Exercise description = All entries below need to be written out exactly, but without their pictures.

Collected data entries
□ □ □ □ □

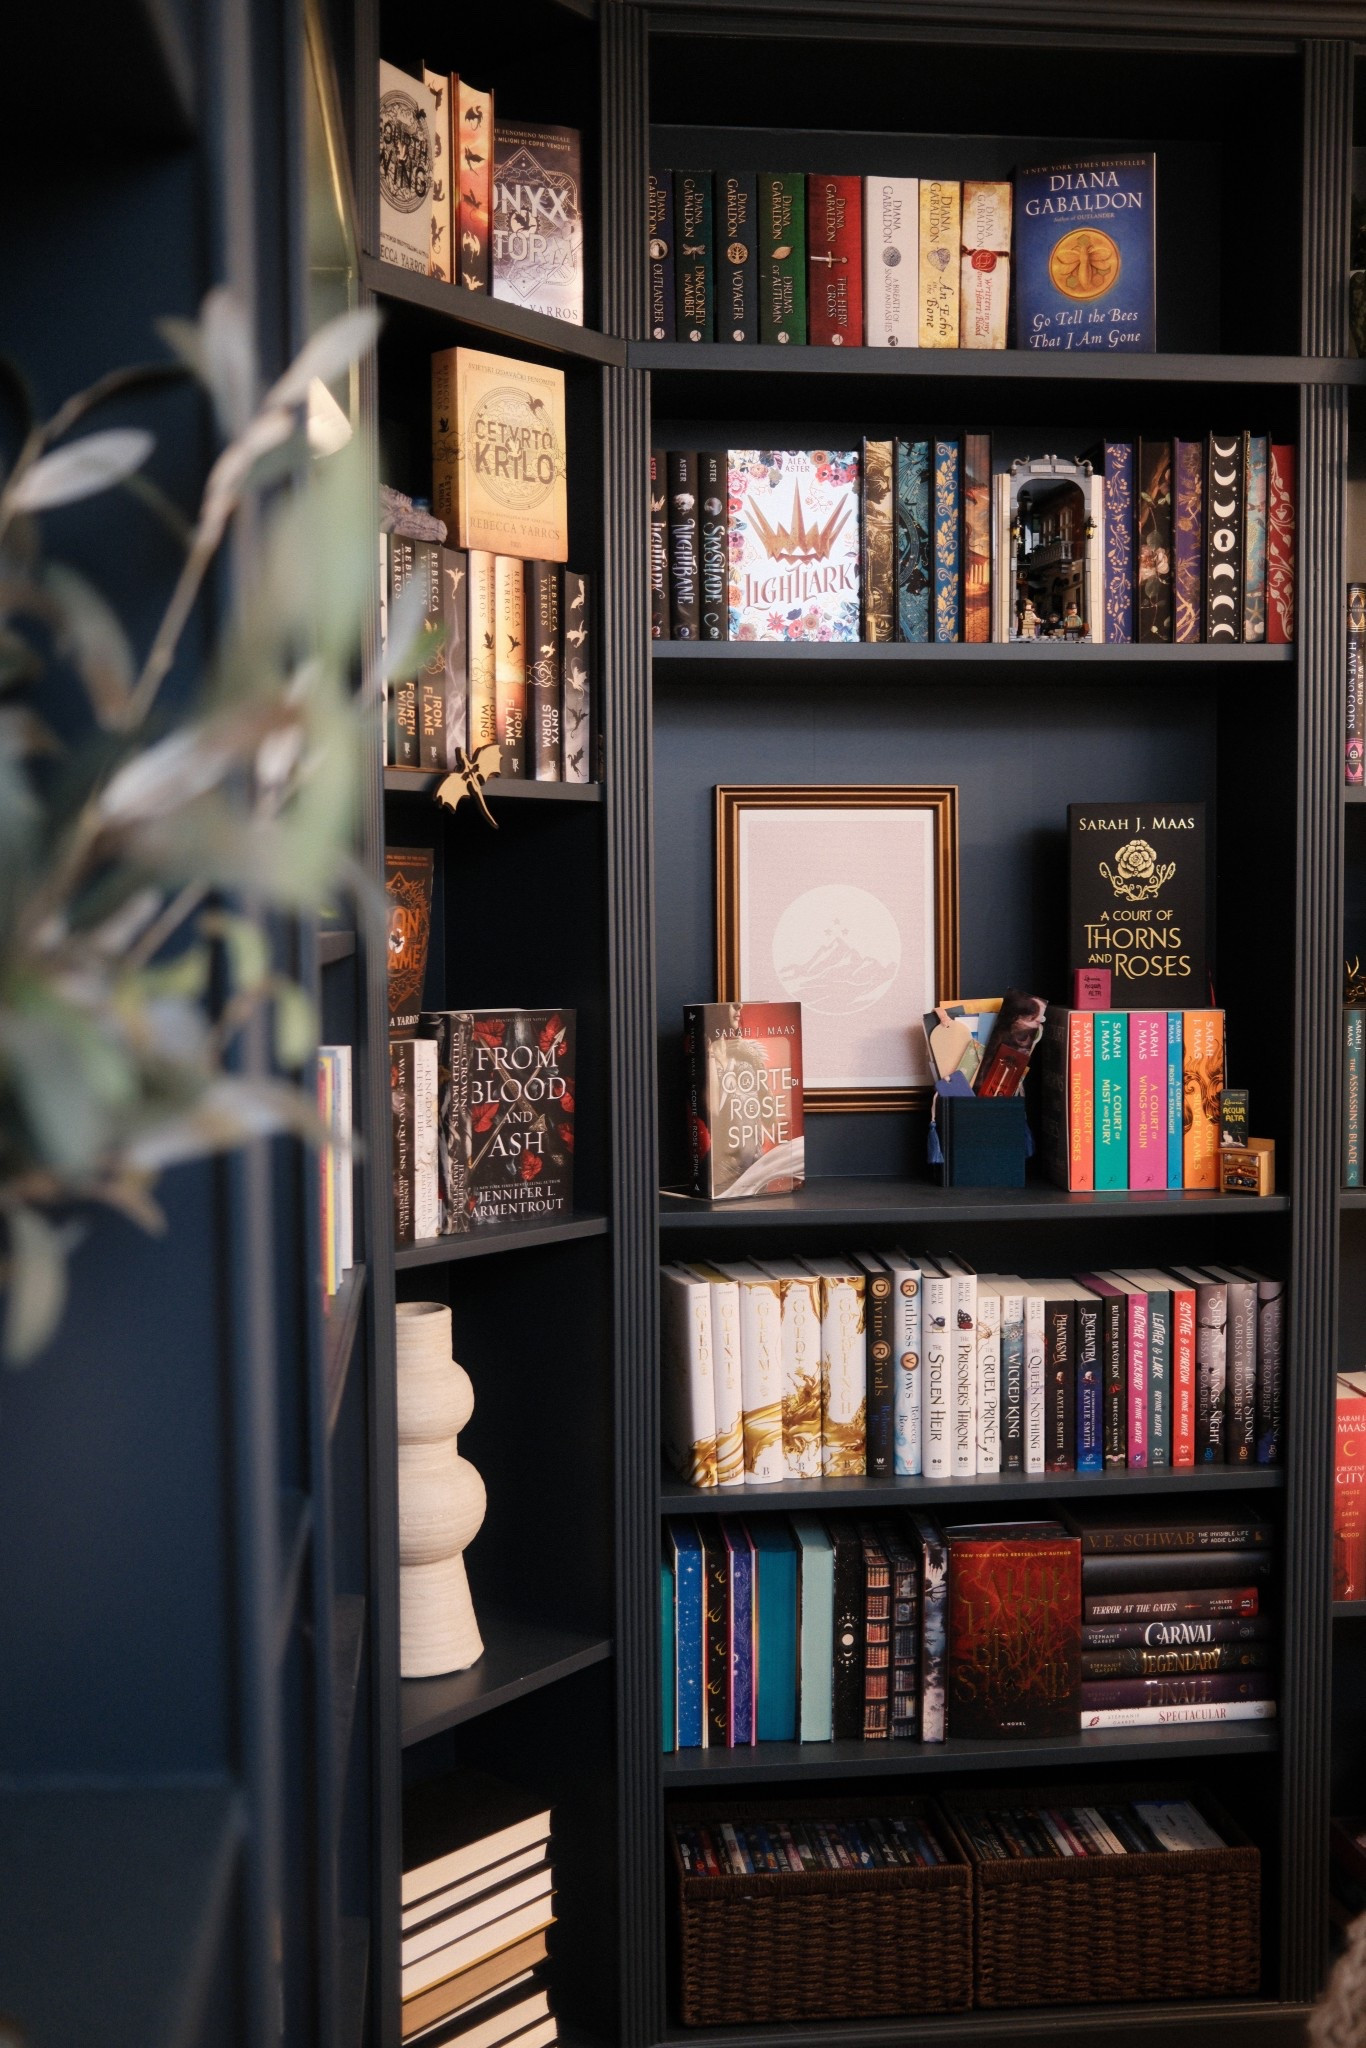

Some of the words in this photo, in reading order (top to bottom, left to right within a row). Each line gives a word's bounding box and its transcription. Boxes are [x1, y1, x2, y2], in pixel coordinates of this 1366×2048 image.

[1049, 170, 1120, 192] DIANA
[656, 191, 667, 223] DIANA
[684, 178, 695, 239] GABALDON
[694, 193, 704, 225] DIANA
[727, 178, 738, 239] GABALDON
[737, 193, 748, 225] DIANA
[771, 181, 782, 241] GABALDON
[782, 195, 793, 229] DIANA
[825, 183, 836, 243] GABALDON
[835, 198, 846, 231] DIANA
[882, 185, 893, 245] GABALDON
[892, 200, 902, 232] DIANA
[929, 182, 941, 245] GABALDON
[941, 196, 953, 234] DIANA
[1025, 192, 1143, 217] GABALDON
[985, 206, 993, 239] DIANA
[653, 263, 664, 323] OUTLANDER
[684, 283, 695, 318] AMBER
[694, 266, 706, 327] DRAGONFLY
[732, 270, 744, 321] VOYAGER
[772, 277, 782, 325] AUTUMN
[783, 276, 793, 315] DRUMS
[826, 284, 837, 318] CROSS
[837, 276, 847, 298] THE
[837, 299, 848, 328] FIERY
[1033, 312, 1051, 332] Go
[1054, 310, 1083, 326] Tell
[1088, 308, 1104, 324] the
[1107, 307, 1138, 323] Bees
[1029, 333, 1060, 349] That
[1079, 331, 1102, 345] Am
[1109, 330, 1141, 348] Gone
[475, 441, 554, 485] KRILO
[679, 458, 687, 483] ASTER
[709, 458, 717, 483] ASTER
[430, 552, 439, 614] REBECCA
[743, 562, 854, 615] LIGHTLARK
[540, 578, 549, 627] YARROS
[550, 575, 559, 633] REBECCA
[1347, 642, 1357, 675] HAVE
[1348, 678, 1355, 693] NO
[397, 690, 407, 727] WING
[405, 682, 416, 736] FOURTH
[423, 686, 435, 737] FLAME
[431, 695, 443, 729] IRON
[505, 699, 516, 747] FLAME
[514, 708, 523, 739] IRON
[1346, 694, 1356, 729] GODS
[542, 704, 551, 749] STORM
[551, 709, 560, 745] ONYX
[1079, 817, 1129, 831] SARAH
[1152, 816, 1195, 830] MAAS
[1113, 909, 1153, 922] COURT
[1156, 909, 1174, 921] OF
[1083, 923, 1182, 950] THORNS
[1088, 954, 1112, 964] AND
[1115, 953, 1192, 980] ROSES
[715, 1026, 751, 1038] SARAH
[767, 1024, 795, 1036] MAAS
[1072, 1030, 1081, 1060] MAAS
[1084, 1022, 1092, 1057] SARAH
[1101, 1030, 1110, 1061] MAAS
[1113, 1022, 1121, 1058] SARAH
[1139, 1029, 1147, 1060] MAAS
[1150, 1022, 1159, 1057] SARAH
[1194, 1028, 1203, 1060] MAAS
[1205, 1021, 1214, 1057] SARAH
[398, 1058, 406, 1084] WAR
[452, 1032, 460, 1082] GILDED
[476, 1045, 560, 1072] FROM
[460, 1057, 468, 1107] CROWN
[472, 1075, 567, 1105] BLOOD
[721, 1067, 792, 1094] CORTE
[792, 1078, 799, 1086] DI
[1072, 1072, 1081, 1110] THORNS
[1102, 1079, 1111, 1104] MIST
[1139, 1075, 1148, 1108] WINGS
[452, 1085, 460, 1127] BONES
[503, 1111, 533, 1125] AND
[730, 1095, 787, 1121] ROSE
[1084, 1100, 1092, 1136] COURT
[1113, 1095, 1122, 1131] COURT
[1150, 1094, 1159, 1131] COURT
[1193, 1092, 1202, 1132] SILVER
[1349, 1073, 1358, 1130] ASSASSIN'S
[488, 1131, 545, 1158] ASH
[728, 1121, 789, 1149] SPINE
[1073, 1128, 1081, 1162] ROSES
[1102, 1118, 1111, 1145] FURY
[1139, 1124, 1148, 1149] RUIN
[1193, 1135, 1202, 1170] FLAMES
[1349, 1133, 1358, 1165] BLADE
[470, 1198, 564, 1218] ARMENTROUT
[478, 1188, 545, 1204] JENNIFER
[1133, 1305, 1145, 1340] BUTCHER
[1152, 1312, 1165, 1346] LEATHER
[1178, 1301, 1192, 1336] SCYTHE
[1080, 1308, 1097, 1369] ENCHANTRA
[1235, 1315, 1243, 1357] CARISSA
[928, 1351, 944, 1405] STOLEN
[957, 1344, 973, 1406] PRISONER'S
[983, 1355, 996, 1397] CRUEL
[1007, 1353, 1021, 1403] WICKED
[1028, 1355, 1042, 1395] QUEEN
[1132, 1349, 1144, 1391] BLACKBIRD
[1152, 1355, 1164, 1379] LARK
[1178, 1347, 1190, 1385] SPARROW
[1209, 1368, 1220, 1403] WINGS
[1234, 1361, 1243, 1421] BROADBENT
[1263, 1358, 1271, 1419] BROADBENT
[1056, 1389, 1064, 1420] KAYLIE
[930, 1409, 946, 1441] HEIR
[955, 1407, 972, 1450] THRONE
[981, 1401, 997, 1444] PRINCE
[1006, 1406, 1020, 1438] KING
[1030, 1402, 1042, 1449] NOTHING
[1056, 1421, 1064, 1449] SMITH
[1209, 1410, 1223, 1445] NIGHT
[1244, 1406, 1254, 1444] STONE
[1337, 1423, 1366, 1433] MAAS
[1336, 1473, 1364, 1484] CITY
[1123, 1531, 1195, 1547] SCHWAB
[1092, 1605, 1121, 1616] TERROR
[1153, 1602, 1178, 1613] GATES
[1144, 1621, 1216, 1647] CARAVAL
[1142, 1648, 1222, 1674] LEGENDARY
[1158, 1707, 1227, 1728] SPECTACULAR

□ □ □ □ □

Answer box =
Some of the words in this photo, in reading order (top to bottom, left to right within a row). Each line gives a word's bounding box and its transcription. Boxes are [x1, y1, x2, y2], in pixel coordinates of this 1366×2048 image.

[1049, 170, 1120, 192] DIANA
[656, 191, 667, 223] DIANA
[684, 178, 695, 239] GABALDON
[694, 193, 704, 225] DIANA
[727, 178, 738, 239] GABALDON
[737, 193, 748, 225] DIANA
[771, 181, 782, 241] GABALDON
[782, 195, 793, 229] DIANA
[825, 183, 836, 243] GABALDON
[835, 198, 846, 231] DIANA
[882, 185, 893, 245] GABALDON
[892, 200, 902, 232] DIANA
[929, 182, 941, 245] GABALDON
[941, 196, 953, 234] DIANA
[1025, 192, 1143, 217] GABALDON
[985, 206, 993, 239] DIANA
[653, 263, 664, 323] OUTLANDER
[684, 283, 695, 318] AMBER
[694, 266, 706, 327] DRAGONFLY
[732, 270, 744, 321] VOYAGER
[772, 277, 782, 325] AUTUMN
[783, 276, 793, 315] DRUMS
[826, 284, 837, 318] CROSS
[837, 276, 847, 298] THE
[837, 299, 848, 328] FIERY
[1033, 312, 1051, 332] Go
[1054, 310, 1083, 326] Tell
[1088, 308, 1104, 324] the
[1107, 307, 1138, 323] Bees
[1029, 333, 1060, 349] That
[1079, 331, 1102, 345] Am
[1109, 330, 1141, 348] Gone
[475, 441, 554, 485] KRILO
[679, 458, 687, 483] ASTER
[709, 458, 717, 483] ASTER
[430, 552, 439, 614] REBECCA
[743, 562, 854, 615] LIGHTLARK
[540, 578, 549, 627] YARROS
[550, 575, 559, 633] REBECCA
[1347, 642, 1357, 675] HAVE
[1348, 678, 1355, 693] NO
[397, 690, 407, 727] WING
[405, 682, 416, 736] FOURTH
[423, 686, 435, 737] FLAME
[431, 695, 443, 729] IRON
[505, 699, 516, 747] FLAME
[514, 708, 523, 739] IRON
[1346, 694, 1356, 729] GODS
[542, 704, 551, 749] STORM
[551, 709, 560, 745] ONYX
[1079, 817, 1129, 831] SARAH
[1152, 816, 1195, 830] MAAS
[1113, 909, 1153, 922] COURT
[1156, 909, 1174, 921] OF
[1083, 923, 1182, 950] THORNS
[1088, 954, 1112, 964] AND
[1115, 953, 1192, 980] ROSES
[715, 1026, 751, 1038] SARAH
[767, 1024, 795, 1036] MAAS
[1072, 1030, 1081, 1060] MAAS
[1084, 1022, 1092, 1057] SARAH
[1101, 1030, 1110, 1061] MAAS
[1113, 1022, 1121, 1058] SARAH
[1139, 1029, 1147, 1060] MAAS
[1150, 1022, 1159, 1057] SARAH
[1194, 1028, 1203, 1060] MAAS
[1205, 1021, 1214, 1057] SARAH
[398, 1058, 406, 1084] WAR
[452, 1032, 460, 1082] GILDED
[476, 1045, 560, 1072] FROM
[460, 1057, 468, 1107] CROWN
[472, 1075, 567, 1105] BLOOD
[721, 1067, 792, 1094] CORTE
[792, 1078, 799, 1086] DI
[1072, 1072, 1081, 1110] THORNS
[1102, 1079, 1111, 1104] MIST
[1139, 1075, 1148, 1108] WINGS
[452, 1085, 460, 1127] BONES
[503, 1111, 533, 1125] AND
[730, 1095, 787, 1121] ROSE
[1084, 1100, 1092, 1136] COURT
[1113, 1095, 1122, 1131] COURT
[1150, 1094, 1159, 1131] COURT
[1193, 1092, 1202, 1132] SILVER
[1349, 1073, 1358, 1130] ASSASSIN'S
[488, 1131, 545, 1158] ASH
[728, 1121, 789, 1149] SPINE
[1073, 1128, 1081, 1162] ROSES
[1102, 1118, 1111, 1145] FURY
[1139, 1124, 1148, 1149] RUIN
[1193, 1135, 1202, 1170] FLAMES
[1349, 1133, 1358, 1165] BLADE
[470, 1198, 564, 1218] ARMENTROUT
[478, 1188, 545, 1204] JENNIFER
[1133, 1305, 1145, 1340] BUTCHER
[1152, 1312, 1165, 1346] LEATHER
[1178, 1301, 1192, 1336] SCYTHE
[1080, 1308, 1097, 1369] ENCHANTRA
[1235, 1315, 1243, 1357] CARISSA
[928, 1351, 944, 1405] STOLEN
[957, 1344, 973, 1406] PRISONER'S
[983, 1355, 996, 1397] CRUEL
[1007, 1353, 1021, 1403] WICKED
[1028, 1355, 1042, 1395] QUEEN
[1132, 1349, 1144, 1391] BLACKBIRD
[1152, 1355, 1164, 1379] LARK
[1178, 1347, 1190, 1385] SPARROW
[1209, 1368, 1220, 1403] WINGS
[1234, 1361, 1243, 1421] BROADBENT
[1263, 1358, 1271, 1419] BROADBENT
[1056, 1389, 1064, 1420] KAYLIE
[930, 1409, 946, 1441] HEIR
[955, 1407, 972, 1450] THRONE
[981, 1401, 997, 1444] PRINCE
[1006, 1406, 1020, 1438] KING
[1030, 1402, 1042, 1449] NOTHING
[1056, 1421, 1064, 1449] SMITH
[1209, 1410, 1223, 1445] NIGHT
[1244, 1406, 1254, 1444] STONE
[1337, 1423, 1366, 1433] MAAS
[1336, 1473, 1364, 1484] CITY
[1123, 1531, 1195, 1547] SCHWAB
[1092, 1605, 1121, 1616] TERROR
[1153, 1602, 1178, 1613] GATES
[1144, 1621, 1216, 1647] CARAVAL
[1142, 1648, 1222, 1674] LEGENDARY
[1158, 1707, 1227, 1728] SPECTACULAR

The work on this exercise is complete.